When the Mohar had given the reins into the hand of a servant, he sprang from his chariot, and after the usual form of obeisance said to the princess:

"In this valley lies the loathsome den of the people, to whom thou, O princess, dost deign to do such high honor. Permit me to go forward as guide to thy party."

"We will go on foot," said the princess, "and leave our followers behind here,"

Paaker bowed, Bent-Anat threw the reins to her charioteer and sprang to the ground, the wife of Mena and the courtiers left their litters, and the fan-bearers and chamberlains were about to accompany their mistress on foot into the little valley, when she turned round and ordered, "Remain behind, all of you. Only Paaker and Nefert need go with me."

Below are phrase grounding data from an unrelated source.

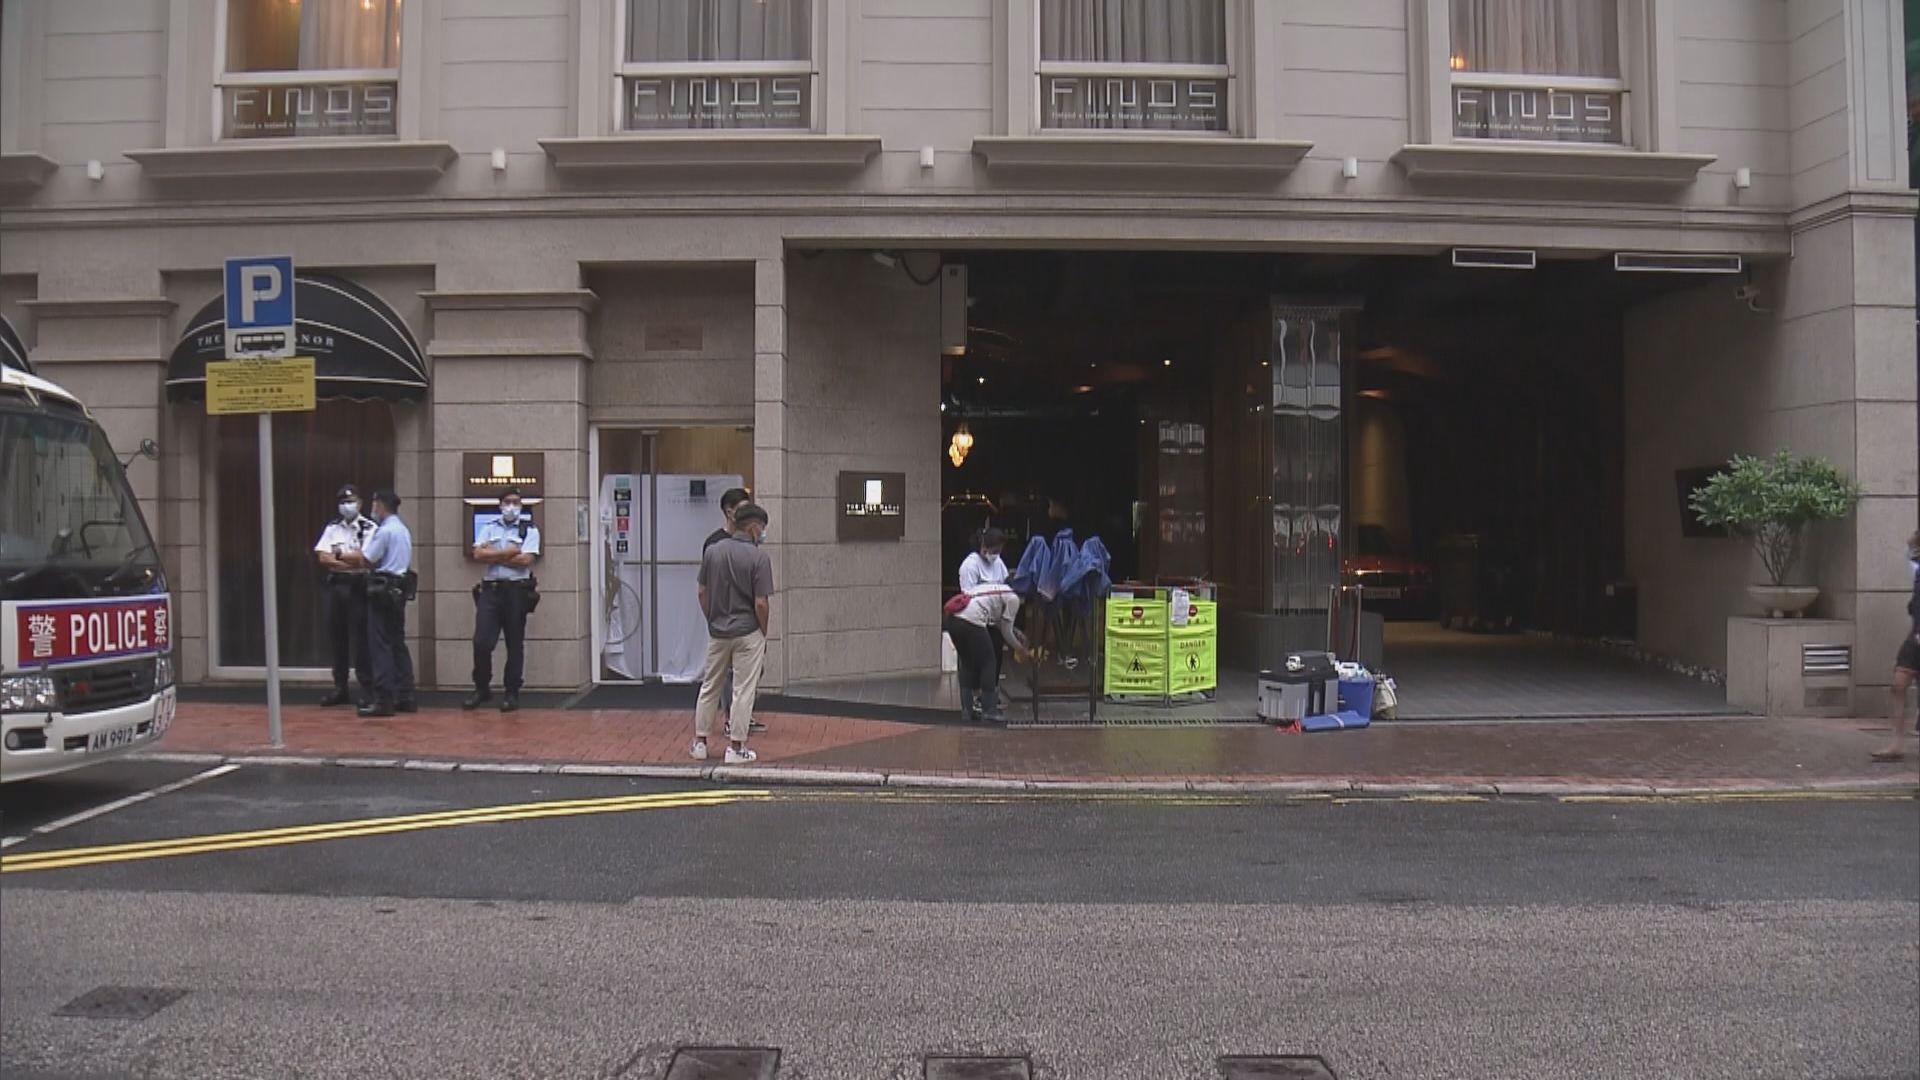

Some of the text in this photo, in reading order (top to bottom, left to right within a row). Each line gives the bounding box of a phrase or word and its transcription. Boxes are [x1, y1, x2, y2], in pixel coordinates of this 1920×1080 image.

[240, 265, 282, 323] P
[197, 335, 221, 347] THE
[28, 606, 167, 657] 警 POLICE 察
[1180, 640, 1207, 649] DANGER
[92, 727, 133, 750] AM 9912

The princess hastened forward into the gorge, which was oppressive with the noon-tide heat; but she moderated her steps as soon as she observed that the frailer Nefert found it difficult to follow her.

At a bend in the road Paaker stood still, and with him Bent-Anat and Nefert. Neither of them had spoken a word during their walk. The valley was perfectly still and deserted; on the highest pinnacles of the cliff, which rose perpendicularly to the right, sat a long row of vultures, as motionless as if the mid-day heat had taken all strength out of their wings.

Paaker bowed before them as being the sacred animals of the Great Goddess of Thebes,

[She formed a triad with Anion and Chunsu under the name of Muth. The great "Sanctuary of the kingdom"--the temple of Karnak--was dedicated to them.]

and the two women silently followed his example.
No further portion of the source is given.